Problem requirements: Could you print every record below exactly as written?

[Records from a dataset]
^^^^

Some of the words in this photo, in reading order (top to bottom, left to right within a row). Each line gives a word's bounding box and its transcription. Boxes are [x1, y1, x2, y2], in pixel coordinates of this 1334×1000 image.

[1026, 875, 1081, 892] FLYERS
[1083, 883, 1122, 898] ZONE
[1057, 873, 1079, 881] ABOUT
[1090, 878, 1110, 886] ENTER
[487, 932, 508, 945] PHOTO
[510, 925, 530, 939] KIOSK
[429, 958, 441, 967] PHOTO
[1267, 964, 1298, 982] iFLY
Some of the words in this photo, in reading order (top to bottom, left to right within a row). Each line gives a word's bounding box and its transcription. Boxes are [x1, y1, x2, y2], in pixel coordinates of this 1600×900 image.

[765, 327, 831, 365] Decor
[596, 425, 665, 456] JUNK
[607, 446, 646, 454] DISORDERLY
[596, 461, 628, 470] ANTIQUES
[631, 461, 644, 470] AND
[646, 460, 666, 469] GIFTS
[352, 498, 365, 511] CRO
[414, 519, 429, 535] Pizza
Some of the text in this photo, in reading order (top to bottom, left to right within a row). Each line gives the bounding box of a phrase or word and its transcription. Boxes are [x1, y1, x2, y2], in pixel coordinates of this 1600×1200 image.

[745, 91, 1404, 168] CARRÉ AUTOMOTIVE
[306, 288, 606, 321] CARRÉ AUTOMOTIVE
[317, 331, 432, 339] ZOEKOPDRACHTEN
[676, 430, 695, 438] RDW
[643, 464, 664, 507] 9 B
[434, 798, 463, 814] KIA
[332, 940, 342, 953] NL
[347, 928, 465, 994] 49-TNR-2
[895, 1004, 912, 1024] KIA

^^^^

Written solution:
Some of the words in this photo, in reading order (top to bottom, left to right within a row). Each line gives a word's bounding box and its transcription. Boxes are [x1, y1, x2, y2], in pixel coordinates of this 1334×1000 image.

[1026, 875, 1081, 892] FLYERS
[1083, 883, 1122, 898] ZONE
[1057, 873, 1079, 881] ABOUT
[1090, 878, 1110, 886] ENTER
[487, 932, 508, 945] PHOTO
[510, 925, 530, 939] KIOSK
[429, 958, 441, 967] PHOTO
[1267, 964, 1298, 982] iFLY
Some of the words in this photo, in reading order (top to bottom, left to right within a row). Each line gives a word's bounding box and its transcription. Boxes are [x1, y1, x2, y2], in pixel coordinates of this 1600×900 image.

[765, 327, 831, 365] Decor
[596, 425, 665, 456] JUNK
[607, 446, 646, 454] DISORDERLY
[596, 461, 628, 470] ANTIQUES
[631, 461, 644, 470] AND
[646, 460, 666, 469] GIFTS
[352, 498, 365, 511] CRO
[414, 519, 429, 535] Pizza
Some of the text in this photo, in reading order (top to bottom, left to right within a row). Each line gives the bounding box of a phrase or word and its transcription. Boxes are [x1, y1, x2, y2], in pixel coordinates of this 1600×1200 image.

[745, 91, 1404, 168] CARRÉ AUTOMOTIVE
[306, 288, 606, 321] CARRÉ AUTOMOTIVE
[317, 331, 432, 339] ZOEKOPDRACHTEN
[676, 430, 695, 438] RDW
[643, 464, 664, 507] 9 B
[434, 798, 463, 814] KIA
[332, 940, 342, 953] NL
[347, 928, 465, 994] 49-TNR-2
[895, 1004, 912, 1024] KIA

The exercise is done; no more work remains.